== WORK INSTRUCTIONS ==
A verbatim copy of all the data is required, minus any images.

== RECORD SET ==
------------------------------------
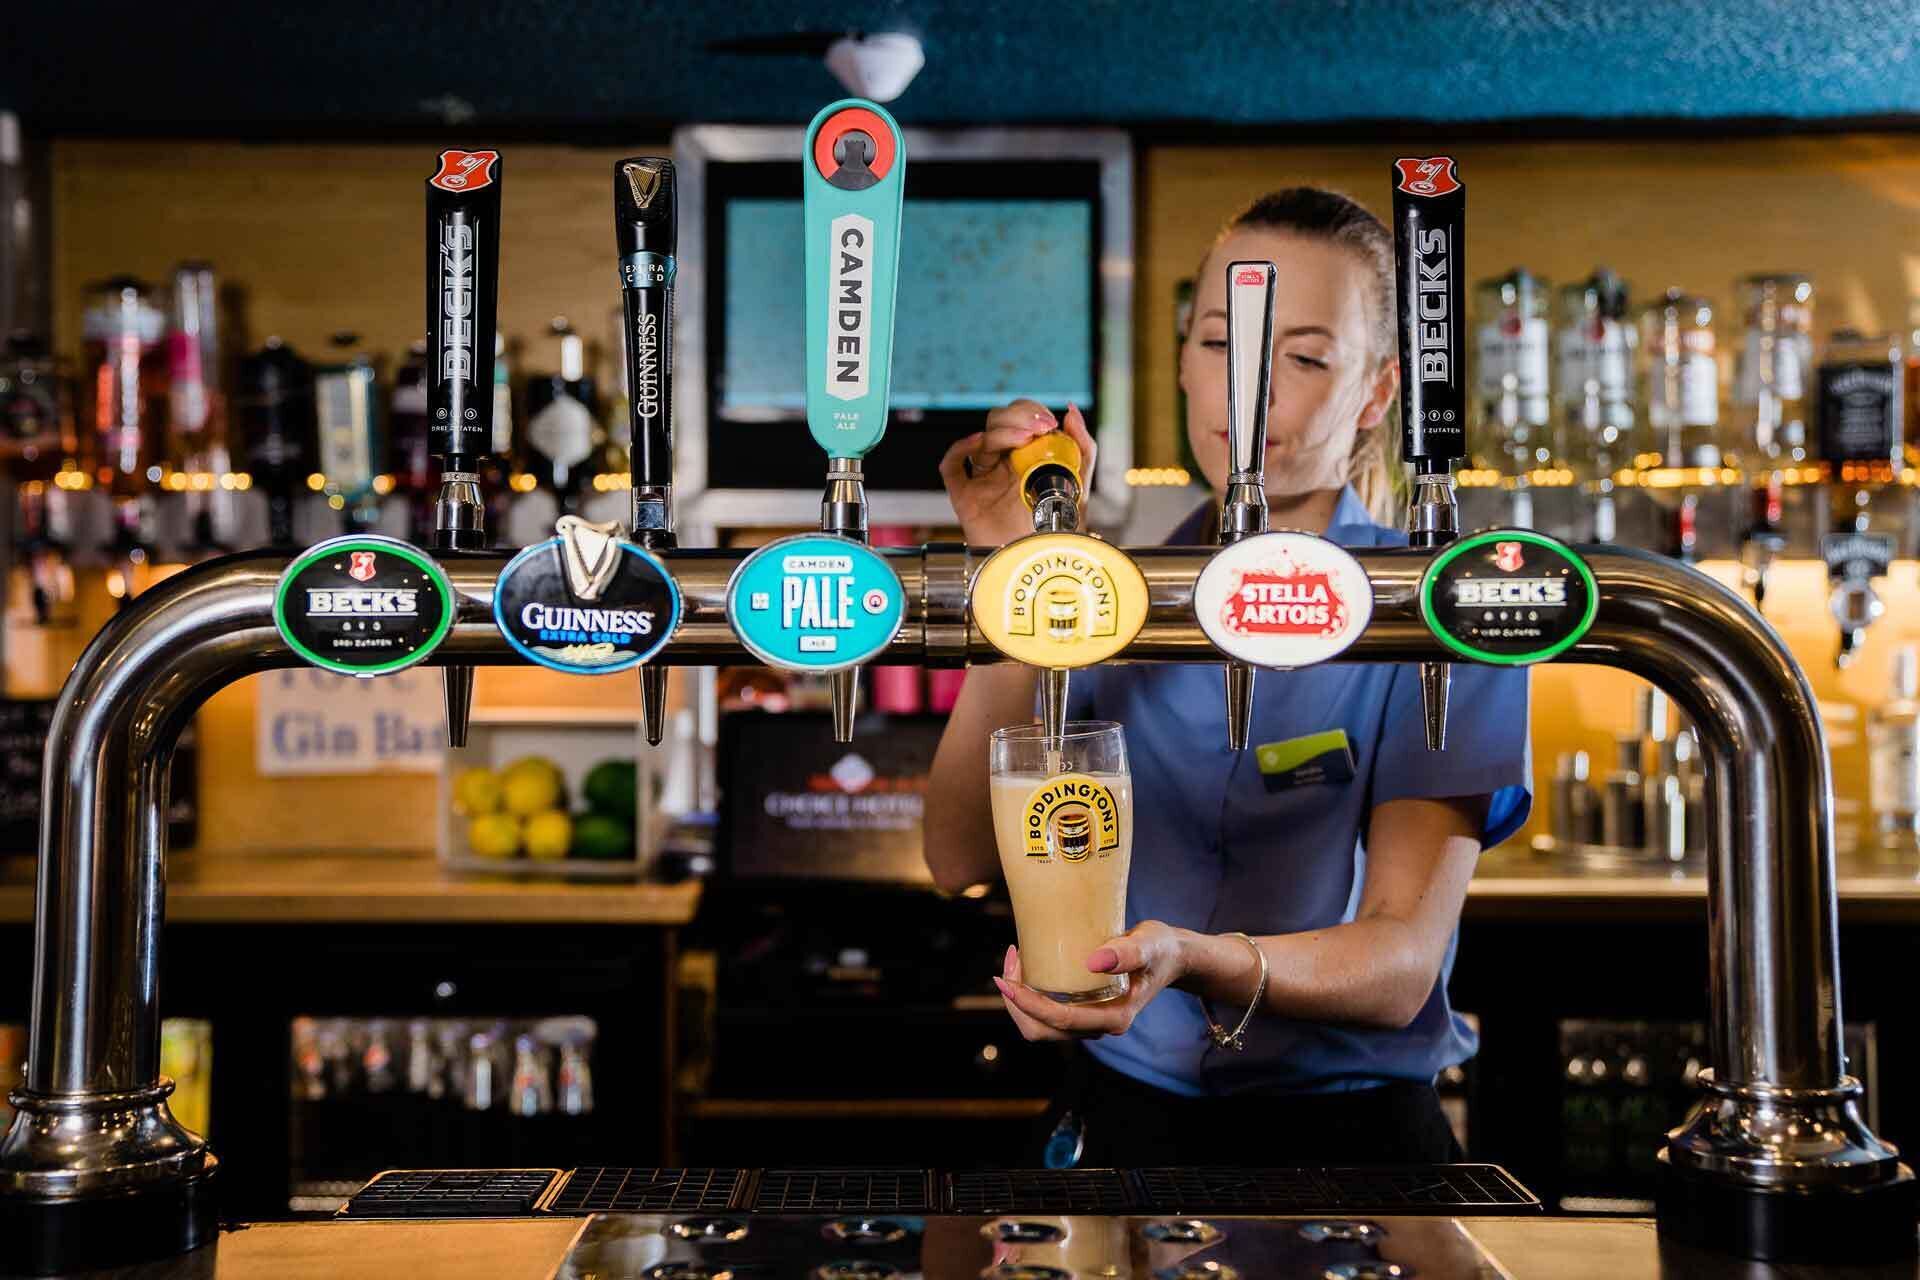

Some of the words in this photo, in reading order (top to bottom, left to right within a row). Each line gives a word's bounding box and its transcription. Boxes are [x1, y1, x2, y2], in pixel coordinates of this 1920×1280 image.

[625, 264, 665, 273] EXRA
[627, 273, 665, 282] CLD
[440, 224, 473, 381] BECK'S
[835, 227, 865, 383] CAMDEN
[1414, 228, 1449, 383] BECK'S
[637, 312, 659, 418] GUINNESS
[449, 425, 483, 433] ZATEN
[789, 560, 847, 569] CAMDEN
[1013, 556, 1111, 617] BODDINGTONS
[1241, 583, 1329, 603] STELLA
[1456, 579, 1565, 604] BECK'S
[308, 590, 417, 613] BECK'S
[781, 575, 856, 630] PALE
[1241, 604, 1330, 624] ARTOIS
[521, 602, 654, 635] GUINNESS
[539, 629, 588, 642] EXTRA
[591, 632, 632, 644] COLD
[1028, 783, 1114, 839] BODDINGTONS
------------------------------------
== COMPLETED EXERCISE ==
Some of the words in this photo, in reading order (top to bottom, left to right within a row). Each line gives a word's bounding box and its transcription. Boxes are [x1, y1, x2, y2], in pixel coordinates of this 1920×1280 image.

[625, 264, 665, 273] EXRA
[627, 273, 665, 282] CLD
[440, 224, 473, 381] BECK'S
[835, 227, 865, 383] CAMDEN
[1414, 228, 1449, 383] BECK'S
[637, 312, 659, 418] GUINNESS
[449, 425, 483, 433] ZATEN
[789, 560, 847, 569] CAMDEN
[1013, 556, 1111, 617] BODDINGTONS
[1241, 583, 1329, 603] STELLA
[1456, 579, 1565, 604] BECK'S
[308, 590, 417, 613] BECK'S
[781, 575, 856, 630] PALE
[1241, 604, 1330, 624] ARTOIS
[521, 602, 654, 635] GUINNESS
[539, 629, 588, 642] EXTRA
[591, 632, 632, 644] COLD
[1028, 783, 1114, 839] BODDINGTONS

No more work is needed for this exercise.